Trabalhando como auxiliar administrativa na biblioteca da própria universidade, Elisabete já consegue sentir o gosto da realização profissional. "Sempre senti falta de algo, como se tivesse um vácuo na minha vida, além de me sentir culpada por não ter dado continuidade aos meus estudos. Estou encantada com a universidade e com meus colegas. É outro mundo", afirma.

Apesar de ter conquistado apenas 11 anos depois a vaga que desejava desde os 19, a porto-alegrense acredita que foi melhor assim, já que consegue dar muito mais valor aos estudos do que os colegas de 17 anos. "Sou bem mais focada. Como não tenho tempo pra estudar em casa, tudo o que faço é absorver o máximo possível durante as aulas e também nos trabalhos em grupo", ensina. Para Aurora, essa é a principal vantagem dos universitários com mais de 30 anos. "A maturidade deixa a pessoa mais interessada", diz.

Além disso, experiência de vida aliada a vivências profissionais fazem com que a pessoa compreenda melhor os conteúdos acadêmicos. "Eles já tem a visão prática, estão na busca somente da teoria", fala a pedagoga. Como desvantagem, Aurora somente enxerga a questão financeira. "Um adulto paga suas contas, sustenta uma família. Conheço muitos que acabaram largando a faculdade para poder arcar com o estudo do filho, por exemplo".

Universidades facilitam ingresso de pessoas acima de 35 anos
Com o crescente número de adultos interessados em voltar para as salas de aula de ensino superior, algumas universidades facilitam o ingresso de pessoas acima dos 35 anos com provas difrenciadas.

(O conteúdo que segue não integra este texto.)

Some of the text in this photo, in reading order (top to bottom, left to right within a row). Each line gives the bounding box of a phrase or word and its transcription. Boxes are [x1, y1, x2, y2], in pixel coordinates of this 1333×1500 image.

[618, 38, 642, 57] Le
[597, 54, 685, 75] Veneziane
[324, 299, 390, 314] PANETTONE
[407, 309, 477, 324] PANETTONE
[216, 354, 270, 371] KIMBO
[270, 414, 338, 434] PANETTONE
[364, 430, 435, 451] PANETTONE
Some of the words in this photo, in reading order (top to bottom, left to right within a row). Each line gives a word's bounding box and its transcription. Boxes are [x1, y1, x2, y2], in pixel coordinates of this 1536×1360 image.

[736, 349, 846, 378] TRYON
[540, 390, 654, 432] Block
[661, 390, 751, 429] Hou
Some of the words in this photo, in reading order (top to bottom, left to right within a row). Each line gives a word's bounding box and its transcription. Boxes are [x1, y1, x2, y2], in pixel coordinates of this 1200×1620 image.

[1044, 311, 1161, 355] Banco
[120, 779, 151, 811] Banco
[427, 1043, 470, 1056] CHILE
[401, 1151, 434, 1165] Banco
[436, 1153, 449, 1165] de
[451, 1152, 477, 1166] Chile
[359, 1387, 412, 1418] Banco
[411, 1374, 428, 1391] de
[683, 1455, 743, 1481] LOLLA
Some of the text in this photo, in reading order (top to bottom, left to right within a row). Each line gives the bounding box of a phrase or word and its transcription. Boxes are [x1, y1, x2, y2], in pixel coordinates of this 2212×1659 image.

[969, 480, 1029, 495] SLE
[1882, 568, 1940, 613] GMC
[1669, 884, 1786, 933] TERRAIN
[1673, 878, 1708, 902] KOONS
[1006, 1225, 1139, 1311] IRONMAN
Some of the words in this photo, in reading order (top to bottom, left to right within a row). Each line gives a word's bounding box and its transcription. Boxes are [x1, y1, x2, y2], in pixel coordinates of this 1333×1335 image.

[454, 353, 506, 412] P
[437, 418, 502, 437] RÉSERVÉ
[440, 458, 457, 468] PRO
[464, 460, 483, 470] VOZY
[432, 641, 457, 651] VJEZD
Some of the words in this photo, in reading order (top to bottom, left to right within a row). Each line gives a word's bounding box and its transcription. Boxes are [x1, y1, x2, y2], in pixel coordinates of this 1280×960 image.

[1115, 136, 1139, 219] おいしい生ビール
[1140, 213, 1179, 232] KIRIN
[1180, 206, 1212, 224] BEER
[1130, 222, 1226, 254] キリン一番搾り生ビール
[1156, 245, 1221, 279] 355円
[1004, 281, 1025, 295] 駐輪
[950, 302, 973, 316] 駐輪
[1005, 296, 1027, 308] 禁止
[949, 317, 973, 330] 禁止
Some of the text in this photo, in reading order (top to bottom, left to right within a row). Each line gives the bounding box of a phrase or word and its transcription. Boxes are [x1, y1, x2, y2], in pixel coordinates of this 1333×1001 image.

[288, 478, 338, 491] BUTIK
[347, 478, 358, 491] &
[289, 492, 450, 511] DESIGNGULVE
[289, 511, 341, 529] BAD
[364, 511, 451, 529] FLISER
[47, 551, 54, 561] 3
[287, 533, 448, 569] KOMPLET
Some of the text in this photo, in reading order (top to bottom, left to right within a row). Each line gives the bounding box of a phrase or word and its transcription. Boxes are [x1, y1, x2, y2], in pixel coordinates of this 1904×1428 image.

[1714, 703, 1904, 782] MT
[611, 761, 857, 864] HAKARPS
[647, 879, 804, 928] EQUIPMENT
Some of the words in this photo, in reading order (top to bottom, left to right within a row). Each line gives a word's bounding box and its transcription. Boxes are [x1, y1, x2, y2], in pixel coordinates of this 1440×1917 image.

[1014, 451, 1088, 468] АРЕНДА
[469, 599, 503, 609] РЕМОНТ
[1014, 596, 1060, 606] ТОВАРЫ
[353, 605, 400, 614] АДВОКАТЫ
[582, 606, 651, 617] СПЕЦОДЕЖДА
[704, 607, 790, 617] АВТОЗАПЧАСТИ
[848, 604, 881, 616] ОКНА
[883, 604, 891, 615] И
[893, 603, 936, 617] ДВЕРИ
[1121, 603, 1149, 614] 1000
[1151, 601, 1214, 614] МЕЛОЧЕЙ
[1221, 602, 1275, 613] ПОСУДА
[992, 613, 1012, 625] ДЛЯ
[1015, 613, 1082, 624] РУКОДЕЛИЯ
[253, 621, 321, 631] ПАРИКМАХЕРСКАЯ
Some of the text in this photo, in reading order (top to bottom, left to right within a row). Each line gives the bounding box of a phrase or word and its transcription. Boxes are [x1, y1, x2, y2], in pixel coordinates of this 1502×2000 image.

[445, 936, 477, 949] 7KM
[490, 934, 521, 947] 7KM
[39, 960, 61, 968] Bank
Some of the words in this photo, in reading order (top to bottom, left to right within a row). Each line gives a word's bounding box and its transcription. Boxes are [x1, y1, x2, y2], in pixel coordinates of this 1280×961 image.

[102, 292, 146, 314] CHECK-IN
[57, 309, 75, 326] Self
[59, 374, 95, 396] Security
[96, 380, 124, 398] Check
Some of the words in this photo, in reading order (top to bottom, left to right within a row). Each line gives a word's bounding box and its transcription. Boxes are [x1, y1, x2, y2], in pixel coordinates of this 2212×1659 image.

Na Universidade Regional do Alto Uruguai e das Missões (URI), em Santo Ângelo (RS), o vestibular diferenciado é voltado para pessoas com idade igual ou superior a 35 anos. A prova consiste na realização de uma redação e de questões de interpretação de texto. Segundo a universidade, 5% das vagas de cada curso de graduação ficam disponíveis para essa faixa etária.

Na Universidade Luterana do Brasil (Ulbra), em Canoas (RS), existe o programa Ulbra Gerações, que possibilita acesso a 38 dos 45 cursos de graduação da instituição, exceto Medicina, Veterinária e Odontologia. O programa é dirigido a candidatos com mais de 35 anos e também consiste na realização de uma prova de redação e interpretação.